Dados são do SEEG/Observatório do Clima, compilados a pedido do Observatório da Mineração, e incluem siderurgia; mercado de carbono ainda não atingiu resultados esperados

11.08.2022 - Atualizado 11.03.2024 às 08:30 |

MAURÍCIO ANGELO
DO OBSERVATÓRIO DA MINERAÇÃO

A cadeia minero-siderúrgica emitiu 107,6 milhões de toneladas de CO2e em 2020, de acordo com dados levantados pelo Instituto de Energia e Meio Ambiente (Iema) no SEEG/Observatório do Clima, a pedido do Observatório da Mineração.
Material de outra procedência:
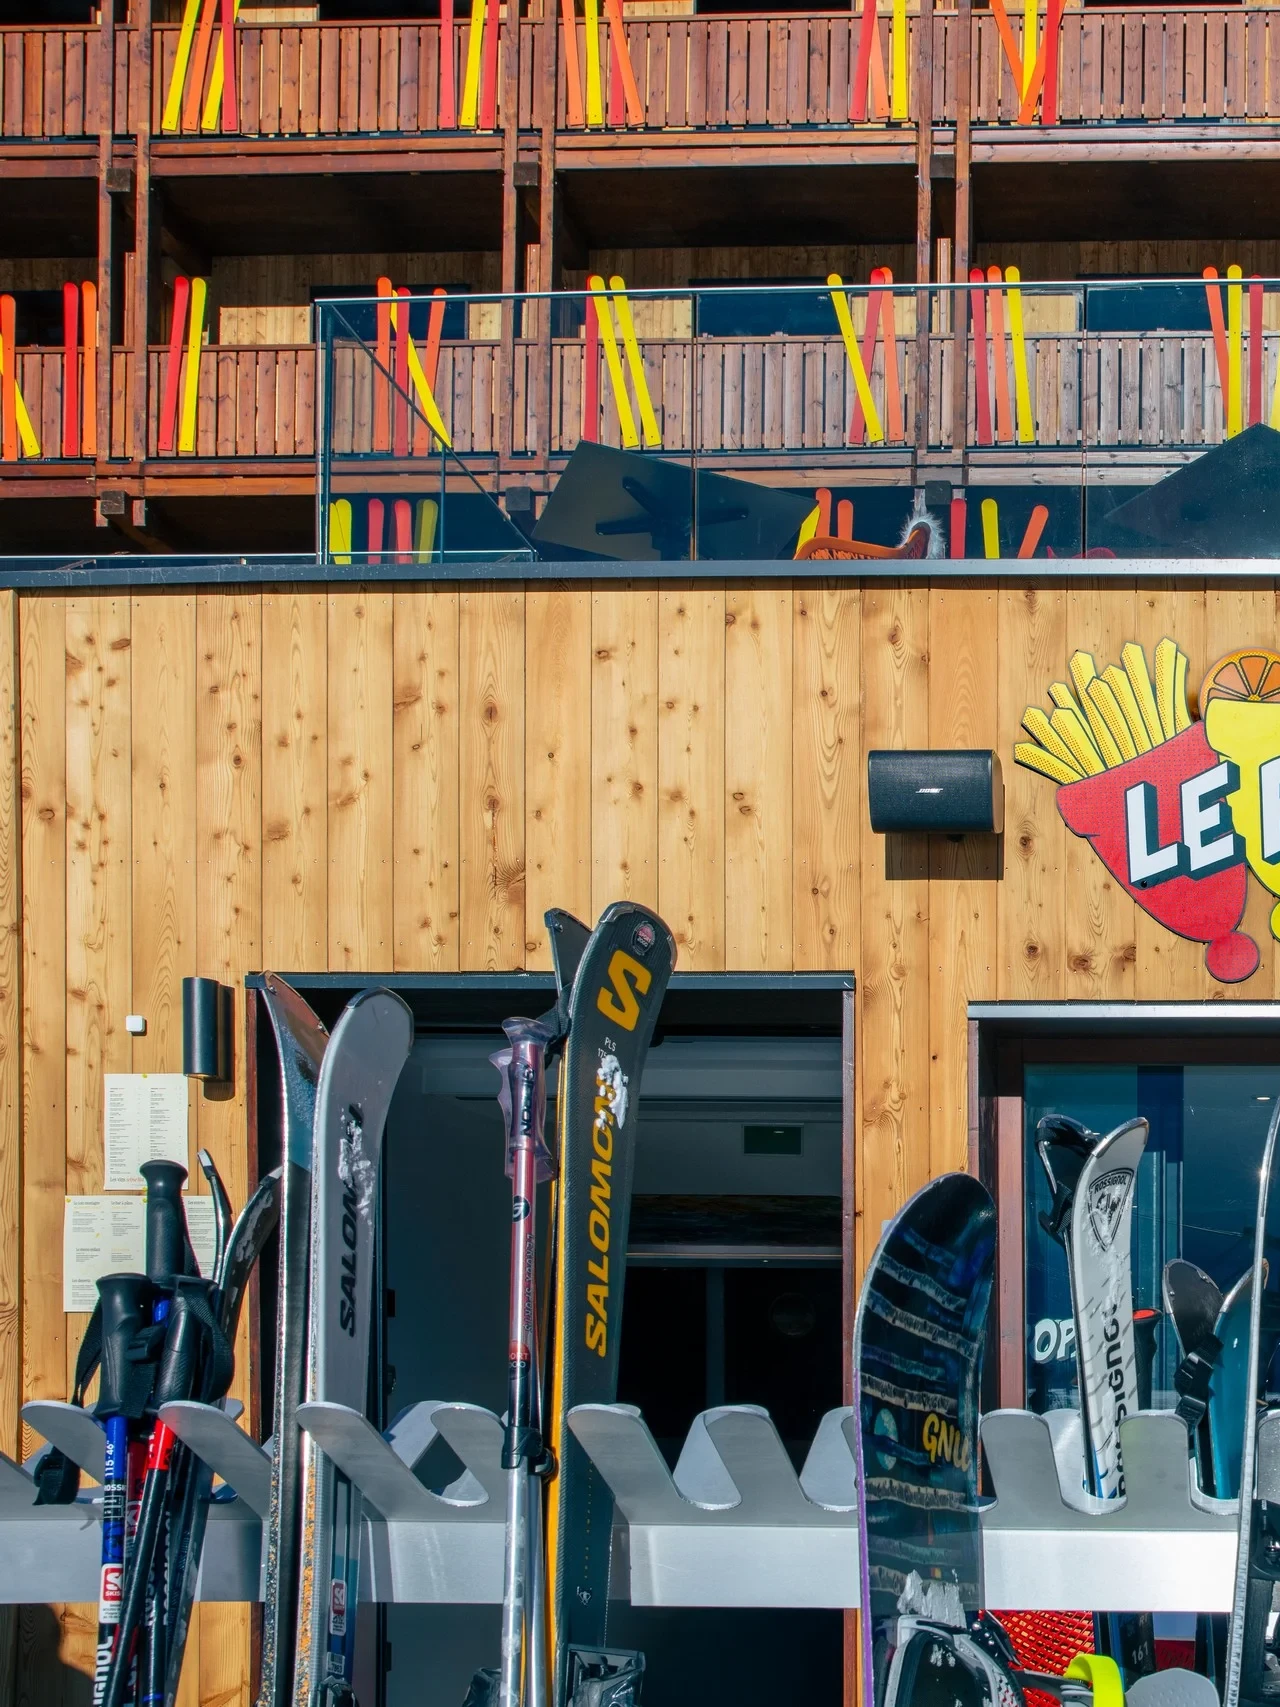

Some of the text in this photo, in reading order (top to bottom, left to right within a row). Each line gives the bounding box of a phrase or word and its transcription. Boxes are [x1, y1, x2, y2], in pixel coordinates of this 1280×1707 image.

[1125, 761, 1246, 886] LE
[1094, 1174, 1128, 1194] ROSSIGNOL
[923, 1413, 971, 1472] GNU
[1132, 1640, 1149, 1665] 161
Esse montante, que contribui diretamente para o agravamento da crise climática no Brasil e no mundo, responde por cerca de 5% das emissões totais brasileiras.

Se tirarmos o desmatamento do cenário, que ocupa uma proporção enorme diante do problema crônico que representa e dos recordes nos últimos anos, a mineração e a siderurgia permanecem como um dos principais setores responsáveis pelas emissões de gases que causam o efeito estufa.

Os dados consideram o consumo de energia da queima de combustíveis das indústrias ligadas à mineração e a transformação de materiais. Veja os detalhes no quadro abaixo.

Para Felipe Barcellos, analista de projetos do Iema, especialista em modelagem de emissões atmosféricas e autor da análise, um dos motivos que levaram a um monitoramento mais atento do setor minero-siderúrgico foram os discursos de neutralidade em carbono da indústria e o anúncio frequente de medidas para supostamente tornar mais “verde” a matriz energética de cada uma.

Outro fato relevante é que, nesse contexto, o mercado na verdade é dominado por poucas empresas e os ativos – plantas industriais, por exemplo – passam de mão em mão sem atacar as verdadeiras causas do problema.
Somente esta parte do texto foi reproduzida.